**Data listing**.
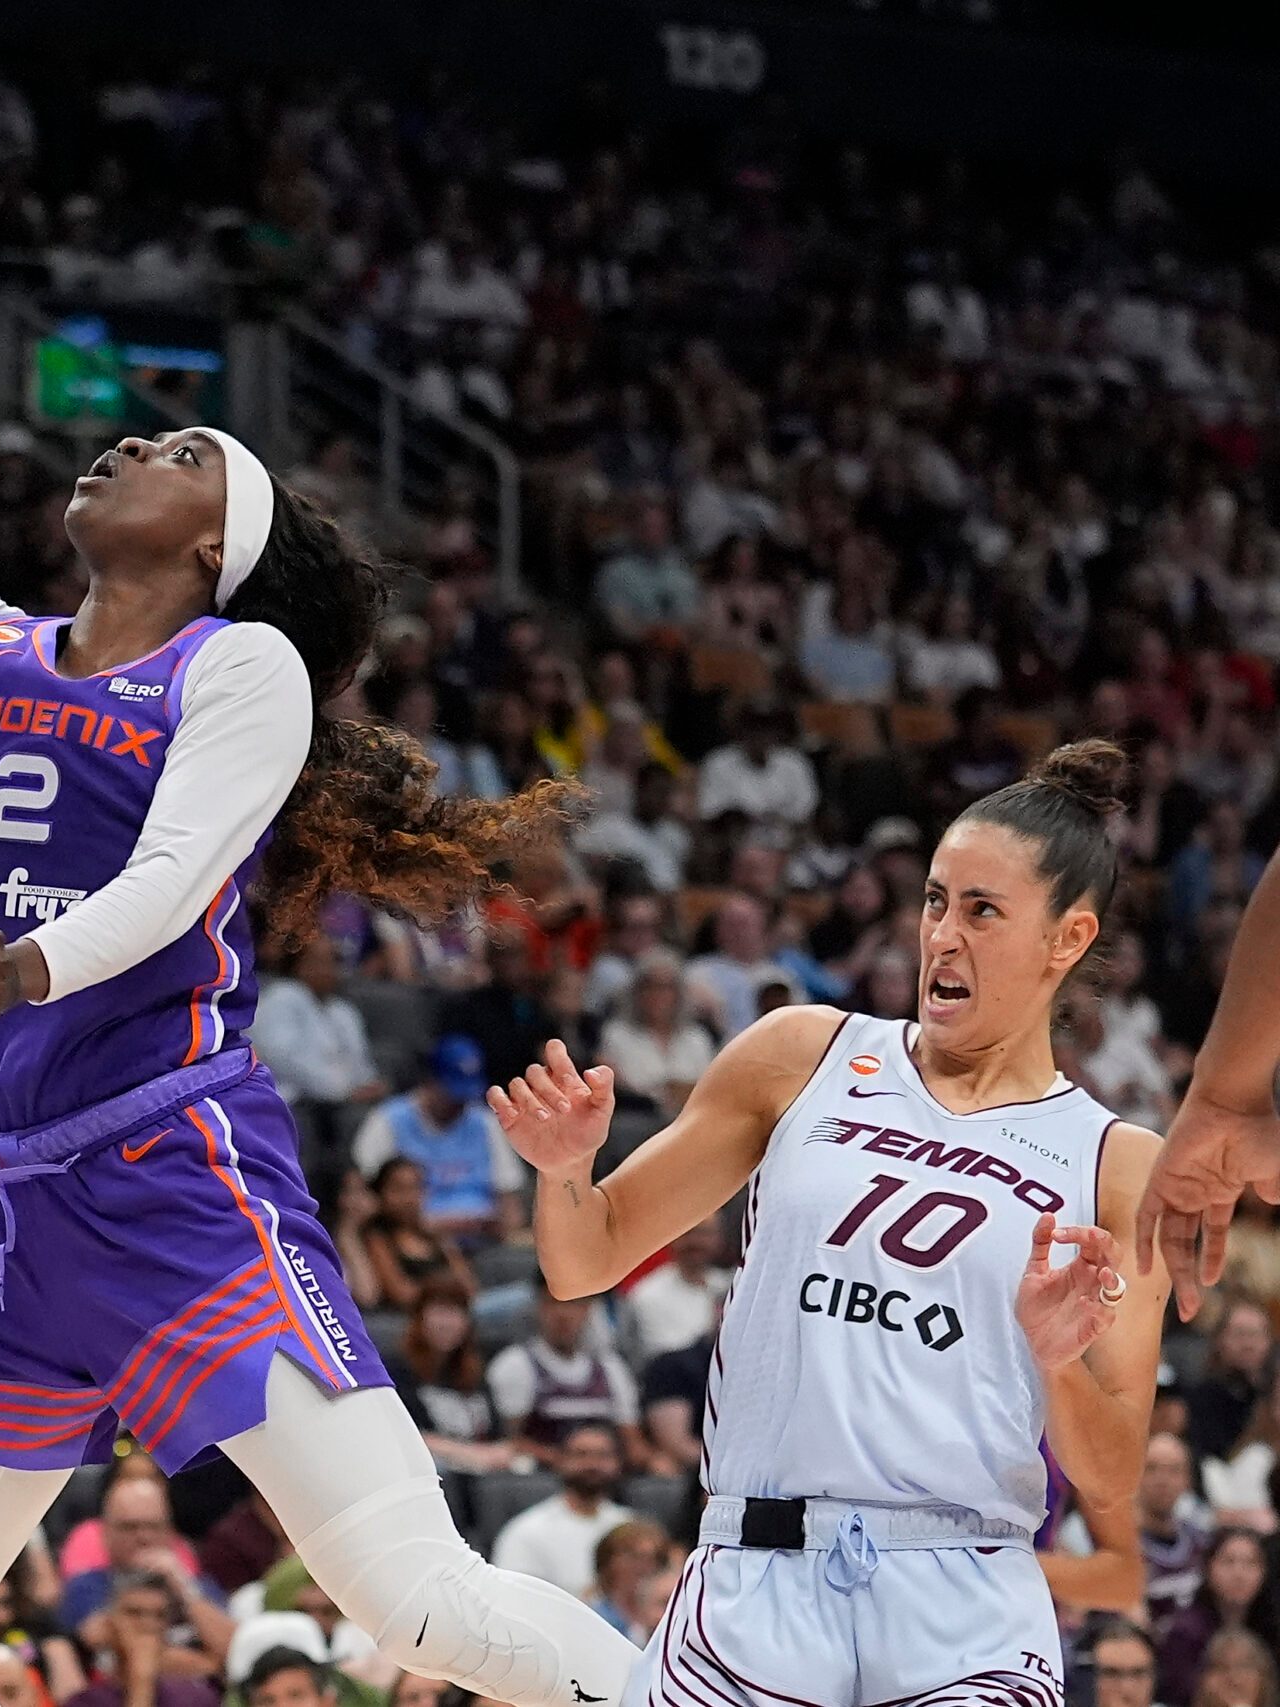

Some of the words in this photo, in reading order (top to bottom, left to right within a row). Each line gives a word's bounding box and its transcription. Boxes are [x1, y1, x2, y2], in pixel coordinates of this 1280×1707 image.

[23, 886, 45, 894] FOOD
[47, 888, 80, 898] STORES
[818, 1116, 1065, 1214] TEMPO
[1001, 1126, 1070, 1169] SEPHORA
[824, 1173, 988, 1268] 10
[282, 1242, 358, 1361] MERCURY
[799, 1273, 912, 1332] CIBC

**Exercise**. Set down every line of the entries above again, exactly as written, but not the pictures.

**Response for this exercise**.
Some of the words in this photo, in reading order (top to bottom, left to right within a row). Each line gives a word's bounding box and its transcription. Boxes are [x1, y1, x2, y2], in pixel coordinates of this 1280×1707 image.

[23, 886, 45, 894] FOOD
[47, 888, 80, 898] STORES
[818, 1116, 1065, 1214] TEMPO
[1001, 1126, 1070, 1169] SEPHORA
[824, 1173, 988, 1268] 10
[282, 1242, 358, 1361] MERCURY
[799, 1273, 912, 1332] CIBC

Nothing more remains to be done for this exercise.